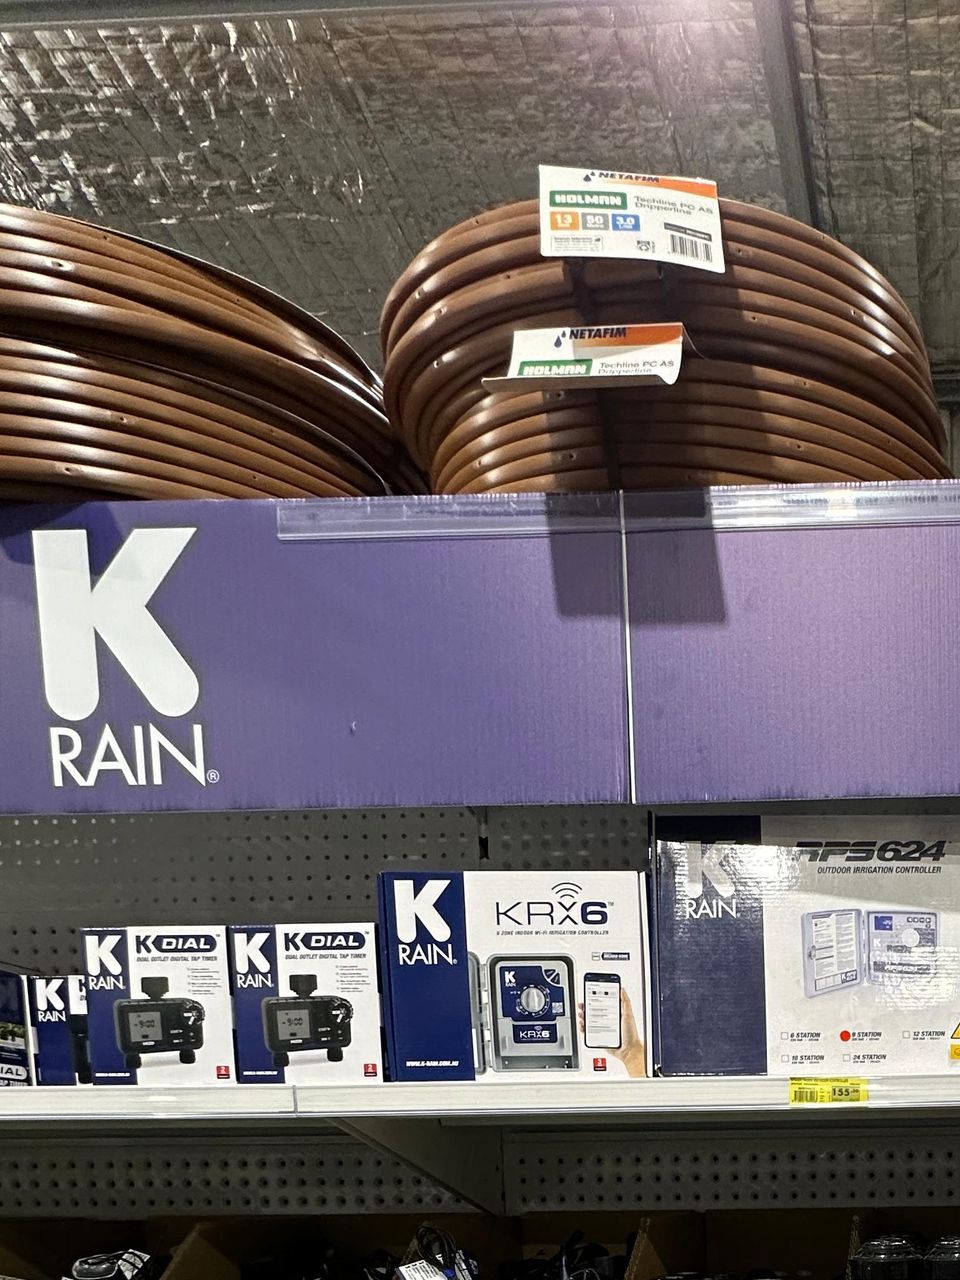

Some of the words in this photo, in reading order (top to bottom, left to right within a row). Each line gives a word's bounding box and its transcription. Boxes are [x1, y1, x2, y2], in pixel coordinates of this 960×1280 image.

[599, 171, 660, 182] NETAFIM
[554, 194, 622, 205] HOLMAN
[635, 196, 677, 207] Techline
[680, 201, 695, 209] PC
[698, 206, 713, 215] AS
[635, 202, 692, 216] Dripperline
[570, 328, 627, 339] NETAFIM
[523, 364, 587, 375] HOLMAN
[600, 361, 639, 369] Techline
[32, 528, 199, 721] K
[796, 840, 946, 862] RPS624
[817, 866, 851, 874] OUTDOOR
[853, 866, 893, 874] IRRIGATION
[394, 880, 451, 943] K
[496, 902, 608, 925] KRX6
[685, 899, 740, 918] RAIN
[162, 938, 210, 949] DIAL
[311, 935, 359, 946] DIAL
[86, 935, 122, 976] K
[234, 933, 271, 974] K
[399, 943, 455, 966] RAIN
[89, 976, 125, 990] RAIN
[237, 974, 274, 988] RAIN
[36, 979, 64, 1010] K
[38, 1011, 66, 1022] RAIN
[833, 1088, 850, 1096] 155
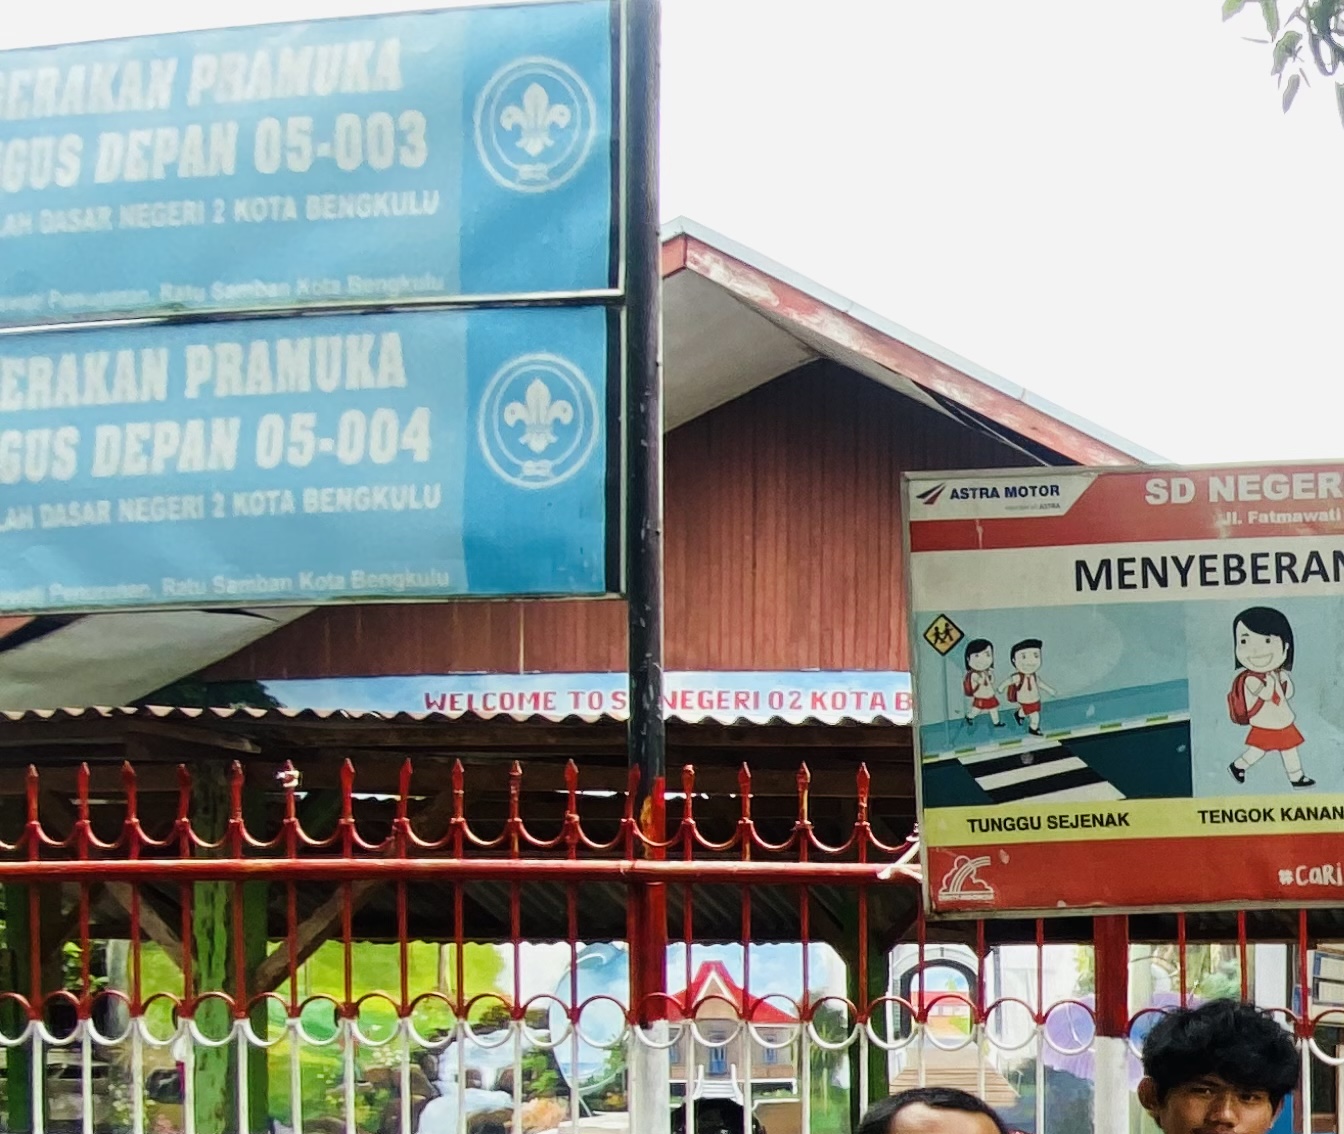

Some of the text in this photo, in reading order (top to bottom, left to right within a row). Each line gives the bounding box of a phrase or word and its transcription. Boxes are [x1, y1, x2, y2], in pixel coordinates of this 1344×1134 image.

[0, 38, 404, 121] ERAKAN PRAMUKA
[0, 110, 429, 193] GUS DEPAN 05-003
[40, 205, 112, 234] DASAR
[119, 199, 206, 228] NEGERI
[212, 198, 225, 224] 2
[234, 195, 297, 223] KOTA
[306, 189, 441, 221] BENGKULU
[0, 332, 407, 411] ERAKAN PRAMUKA
[0, 406, 432, 485] GUS DEPAN 05-004
[40, 499, 111, 529] DASAR
[118, 494, 205, 522] NEGERI
[212, 491, 225, 518] 2
[233, 489, 296, 518] KOTA
[303, 483, 442, 513] BENGKULU
[950, 484, 1060, 500] ASTRA MOTOR
[1144, 477, 1196, 506] SD
[1248, 509, 1342, 526] Fatmawati
[299, 571, 345, 591] Kota
[351, 569, 449, 593] Bengkulu
[425, 690, 557, 712] WELCOME
[569, 690, 604, 711] TO
[662, 688, 760, 711] NEGERI
[768, 689, 802, 711] 02
[810, 690, 887, 712] KOTA
[967, 811, 1130, 834] TUNGGU SEJENAK
[1198, 807, 1275, 825] TENGOK

Work to complete
Exact repetition of each line above is expected; images are to be omitted.

Answer for this exercise
Some of the words in this photo, in reading order (top to bottom, left to right within a row). Each line gives a word's bounding box and its transcription. Boxes are [x1, y1, x2, y2], in pixel coordinates of this 960×1280 image.

[599, 171, 660, 182] NETAFIM
[554, 194, 622, 205] HOLMAN
[635, 196, 677, 207] Techline
[680, 201, 695, 209] PC
[698, 206, 713, 215] AS
[635, 202, 692, 216] Dripperline
[570, 328, 627, 339] NETAFIM
[523, 364, 587, 375] HOLMAN
[600, 361, 639, 369] Techline
[32, 528, 199, 721] K
[796, 840, 946, 862] RPS624
[817, 866, 851, 874] OUTDOOR
[853, 866, 893, 874] IRRIGATION
[394, 880, 451, 943] K
[496, 902, 608, 925] KRX6
[685, 899, 740, 918] RAIN
[162, 938, 210, 949] DIAL
[311, 935, 359, 946] DIAL
[86, 935, 122, 976] K
[234, 933, 271, 974] K
[399, 943, 455, 966] RAIN
[89, 976, 125, 990] RAIN
[237, 974, 274, 988] RAIN
[36, 979, 64, 1010] K
[38, 1011, 66, 1022] RAIN
[833, 1088, 850, 1096] 155

Some of the text in this photo, in reading order (top to bottom, left to right within a row). Each line gives the bounding box of a phrase or word and its transcription. Boxes are [x1, y1, x2, y2], in pixel coordinates of this 1344×1134 image.

[0, 38, 404, 121] ERAKAN PRAMUKA
[0, 110, 429, 193] GUS DEPAN 05-003
[40, 205, 112, 234] DASAR
[119, 199, 206, 228] NEGERI
[212, 198, 225, 224] 2
[234, 195, 297, 223] KOTA
[306, 189, 441, 221] BENGKULU
[0, 332, 407, 411] ERAKAN PRAMUKA
[0, 406, 432, 485] GUS DEPAN 05-004
[40, 499, 111, 529] DASAR
[118, 494, 205, 522] NEGERI
[212, 491, 225, 518] 2
[233, 489, 296, 518] KOTA
[303, 483, 442, 513] BENGKULU
[950, 484, 1060, 500] ASTRA MOTOR
[1144, 477, 1196, 506] SD
[1248, 509, 1342, 526] Fatmawati
[299, 571, 345, 591] Kota
[351, 569, 449, 593] Bengkulu
[425, 690, 557, 712] WELCOME
[569, 690, 604, 711] TO
[662, 688, 760, 711] NEGERI
[768, 689, 802, 711] 02
[810, 690, 887, 712] KOTA
[967, 811, 1130, 834] TUNGGU SEJENAK
[1198, 807, 1275, 825] TENGOK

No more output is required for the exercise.